Studio album by Itasca
- Released: February 9, 2024
- Genre: Folk rock; post-punk;
- Length: 40:32
- Label: Paradise of Bachelors
- Producer: Kayla Cohen; Robbie Cody;

Itasca chronology
| Spring (2019) | Imitation of War (2024) |  |

= Imitation of War =

Imitation of War is the fifth studio album by American musician Kayla Cohen under the pseudonym Itasca, released on February 9, 2024, through Paradise of Bachelors. Cohen produced the album with Robbie Cody. It received positive reviews from critics.

==Critical reception==

Imitation of War received a score of 78 out of 100 on review aggregator Metacritic based on four critics' reviews, indicating "generally favorable" reception.

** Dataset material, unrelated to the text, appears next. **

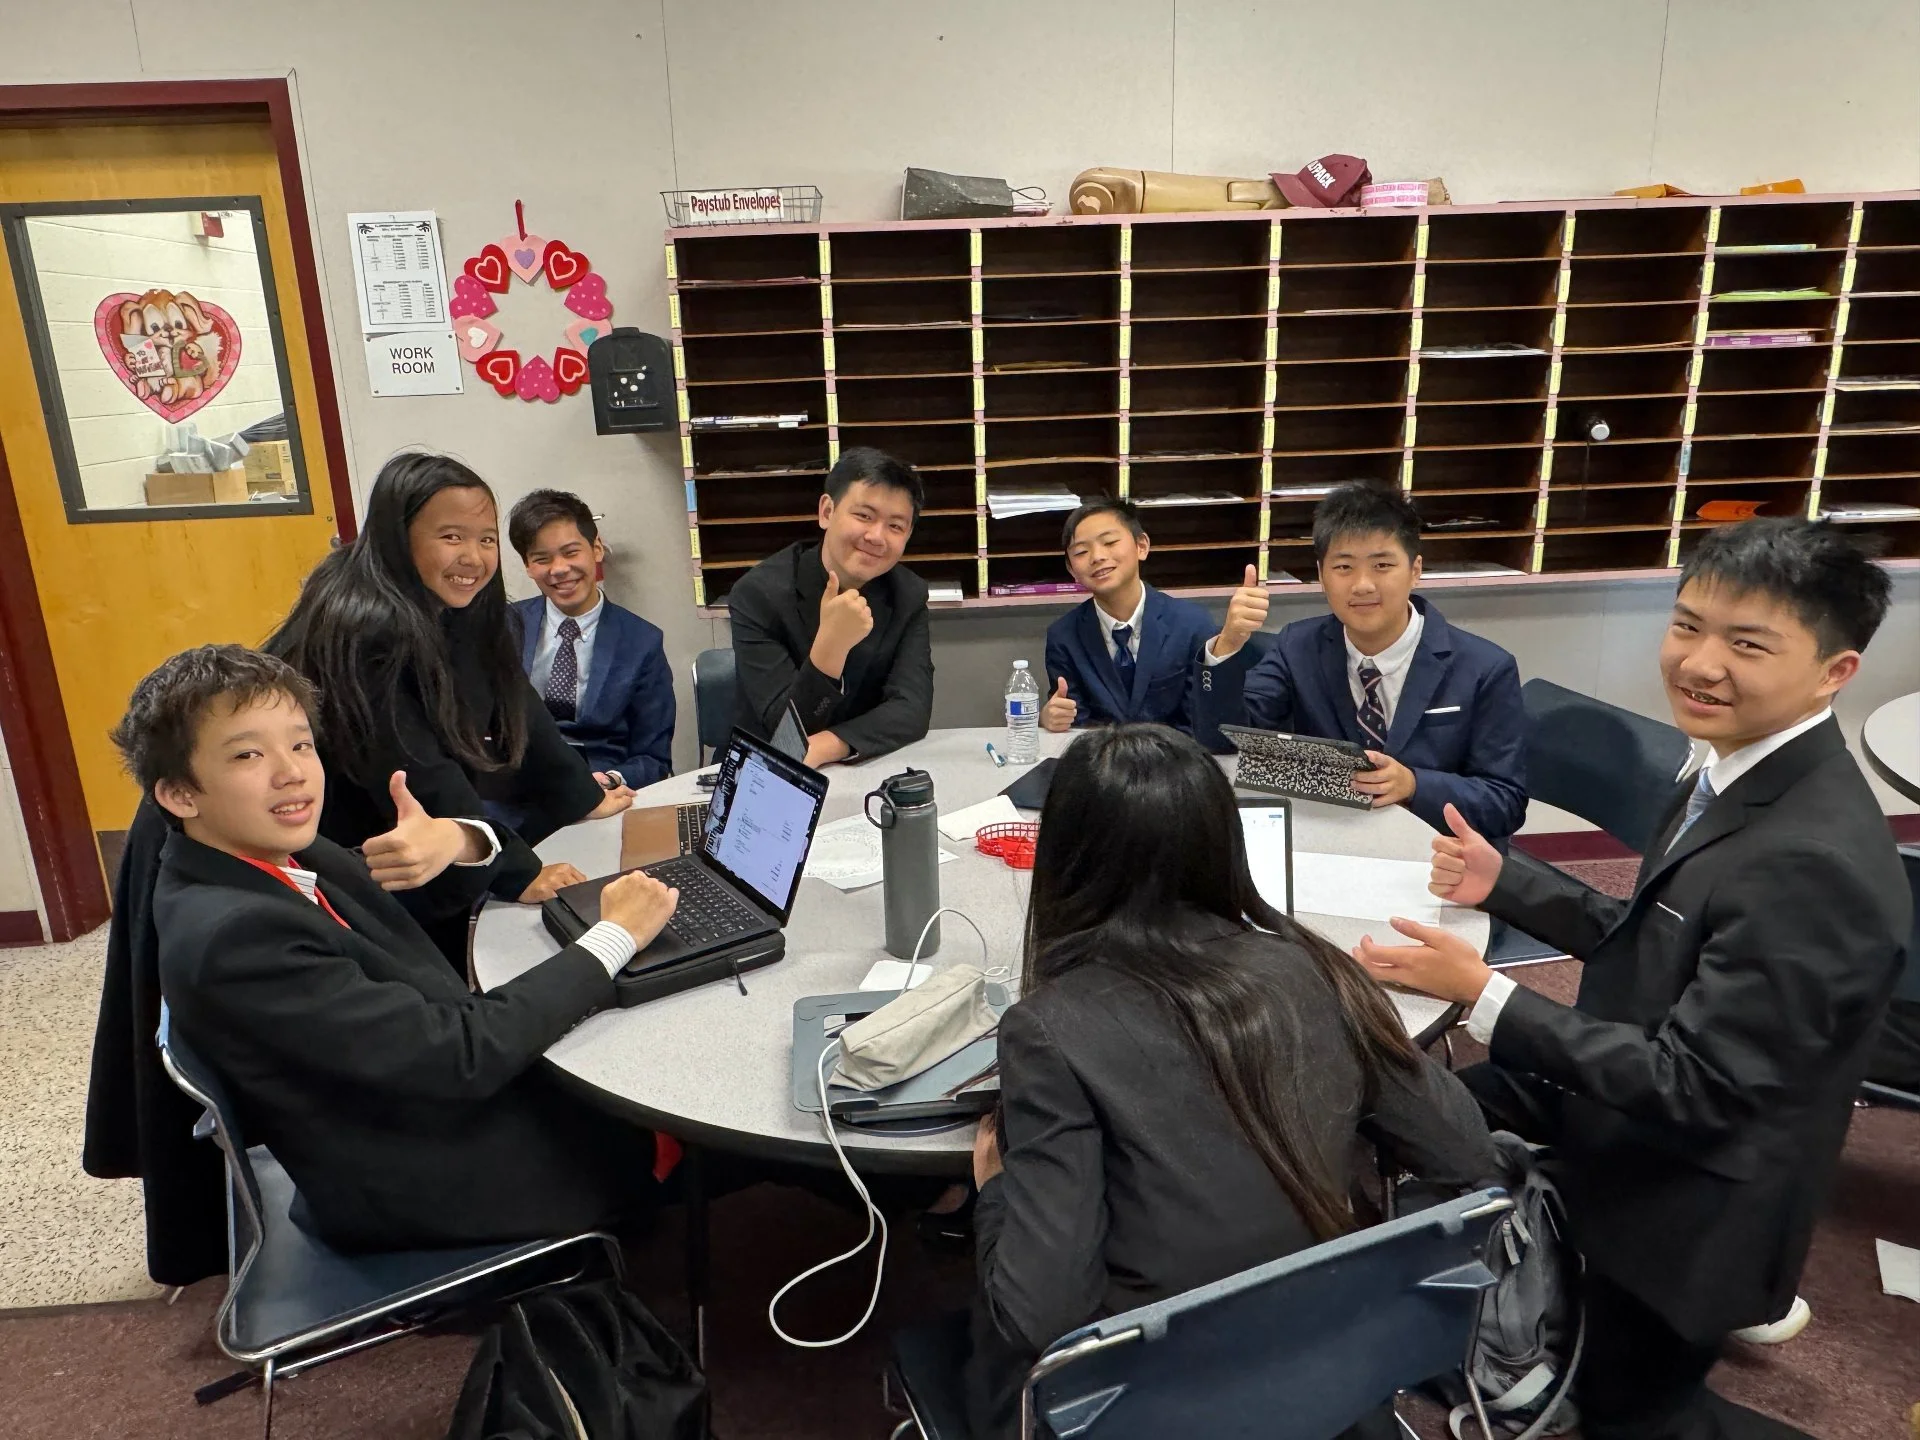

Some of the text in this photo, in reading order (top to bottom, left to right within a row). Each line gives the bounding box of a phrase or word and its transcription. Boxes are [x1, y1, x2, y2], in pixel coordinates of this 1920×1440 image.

Uncut felt that "switching guitars opens her songs up considerably, but Cohen maintains the intimacy and intelligence that have always been her signature". Reviewing the album for Pitchfork, Mitch Therieau called it "conversant in a certain language of post-punk, dual-guitar rock—that of, say, Television or Pavement—but whose animating spirit lies somewhere else entirely. Over a suite of patient songs that don't so much stretch out as tunnel inward, Cohen and her band render richly textured guitar-rock dreamscapes that nonetheless feel grounded and immediate."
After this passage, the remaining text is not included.